National Human Genome Research Institute, National Institutes of Health, 50 South Drive Room 5140, Bethesda, MD, 20892, USA.
NIAID Collaborative Bioinformatics Resource, National Institutes of Allergy and Infectious Diseases, National Institutes of Health, Bethesda, MD, USA.
BMC Bioinformatics. 2021 Apr 8;22(1):181. doi: 10.1186/s12859-021-04090-y.
The widespread use of next-generation sequencing has identified an important role for somatic mosaicism in many diseases. However, detecting low-level mosaic variants from next-generation sequencing data remains challenging.

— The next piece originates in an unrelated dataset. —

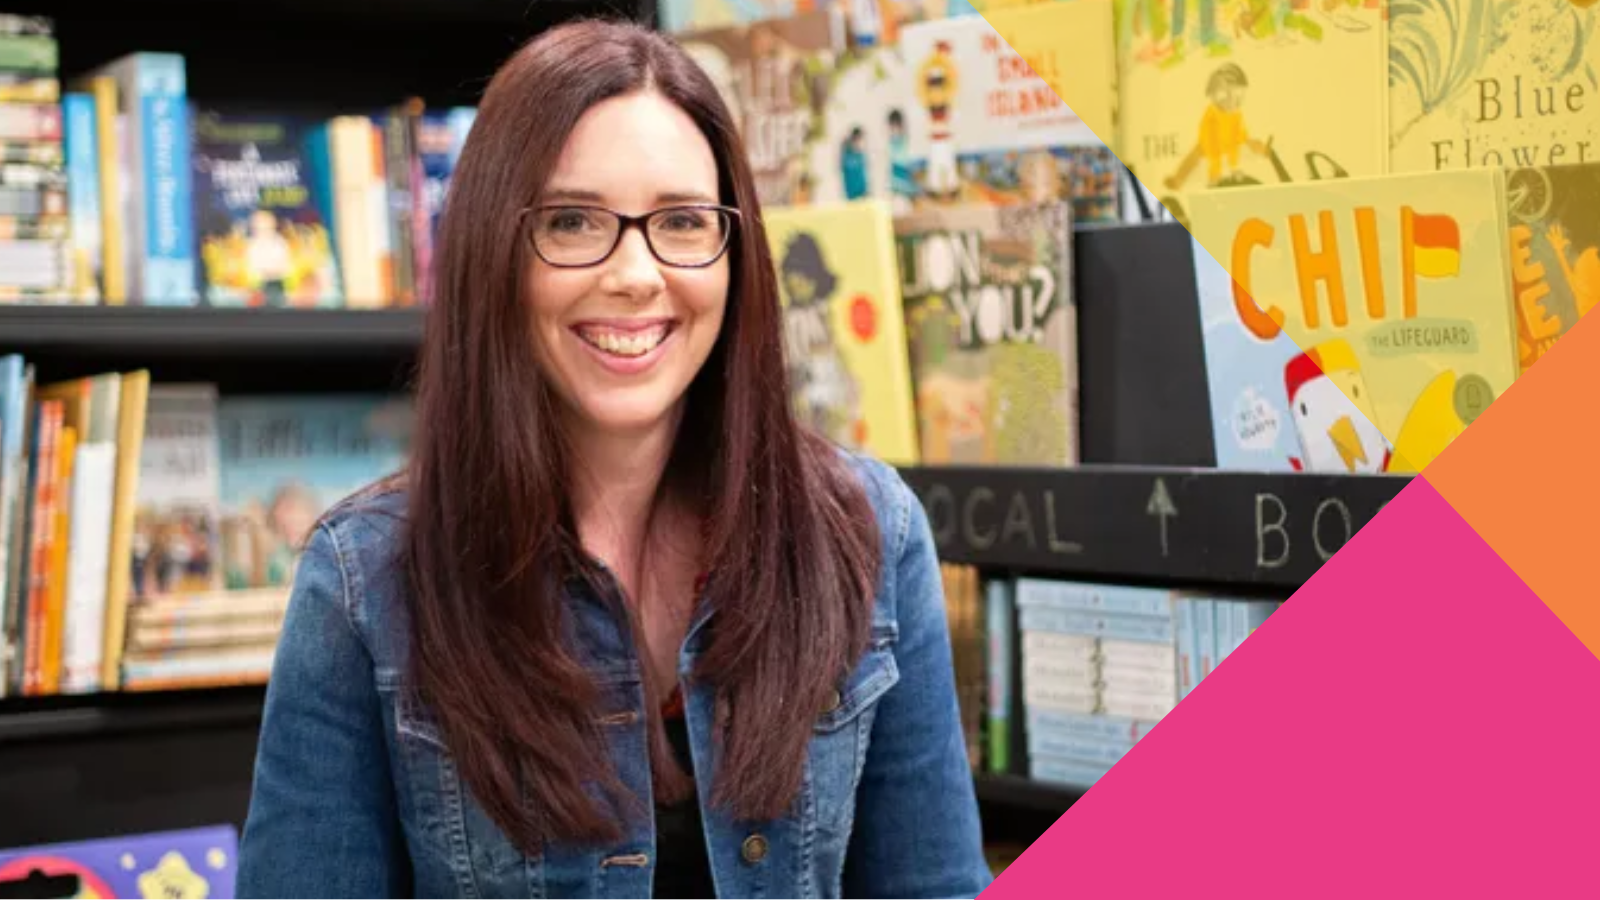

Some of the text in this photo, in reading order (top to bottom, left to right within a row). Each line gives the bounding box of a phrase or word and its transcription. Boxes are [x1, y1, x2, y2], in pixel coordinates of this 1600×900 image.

Here, we present a method for Position-Based Variant Identification (PBVI) that uses empirically-derived distributions of alternate nucleotides from a control dataset. We modeled this approach on 11 segmental overgrowth genes. We show that this method improves detection of single nucleotide mosaic variants of 0.01-0.05 variant allele fraction compared to other low-level variant callers. At depths of 600 × and 1200 ×, we observed > 85% and > 95% sensitivity, respectively. In a cohort of 26 individuals with somatic overgrowth disorders PBVI showed improved signal to noise, identifying pathogenic variants in 17 individuals.
PBVI can facilitate identification of low-level mosaic variants thus increasing the utility of next-generation sequencing data for research and diagnostic purposes.
下一代测序的广泛应用已经确定了体细胞镶嵌在许多疾病中的重要作用。然而,从下一代测序数据中检测低水平的镶嵌变体仍然具有挑战性。
在这里,我们提出了一种基于位置的变异识别(PBVI)的方法,该方法使用来自对照数据集的经验衍生的替代核苷酸分布。我们在 11 个节段性过度生长基因上对该方法进行了建模。我们表明,与其他低水平变异调用者相比,这种方法可以提高 0.01-0.05 变异等位基因分数的单核苷酸镶嵌变体的检测率。在 600×和 1200×的深度下,我们分别观察到了超过 85%和超过 95%的灵敏度。在 26 名患有体细胞过度生长障碍的个体的队列中,PBVI 显示出改善的信噪比,在 17 名个体中鉴定出致病性变异。
PBVI 可以促进低水平镶嵌变体的识别,从而提高下一代测序数据在研究和诊断目的中的应用价值。